## ENTRIES SUPPLIED
*** Block opens ***

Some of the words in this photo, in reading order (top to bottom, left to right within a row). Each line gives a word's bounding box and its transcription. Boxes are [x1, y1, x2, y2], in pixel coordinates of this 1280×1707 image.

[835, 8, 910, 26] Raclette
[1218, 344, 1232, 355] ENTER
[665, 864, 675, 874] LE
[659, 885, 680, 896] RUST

*** Block closes ***

## EXERCISE
Each of the entries above should be written out again exactly.

## RESPONSE TO THIS TASK
Some of the words in this photo, in reading order (top to bottom, left to right within a row). Each line gives a word's bounding box and its transcription. Boxes are [x1, y1, x2, y2], in pixel coordinates of this 1280×1707 image.

[835, 8, 910, 26] Raclette
[1218, 344, 1232, 355] ENTER
[665, 864, 675, 874] LE
[659, 885, 680, 896] RUST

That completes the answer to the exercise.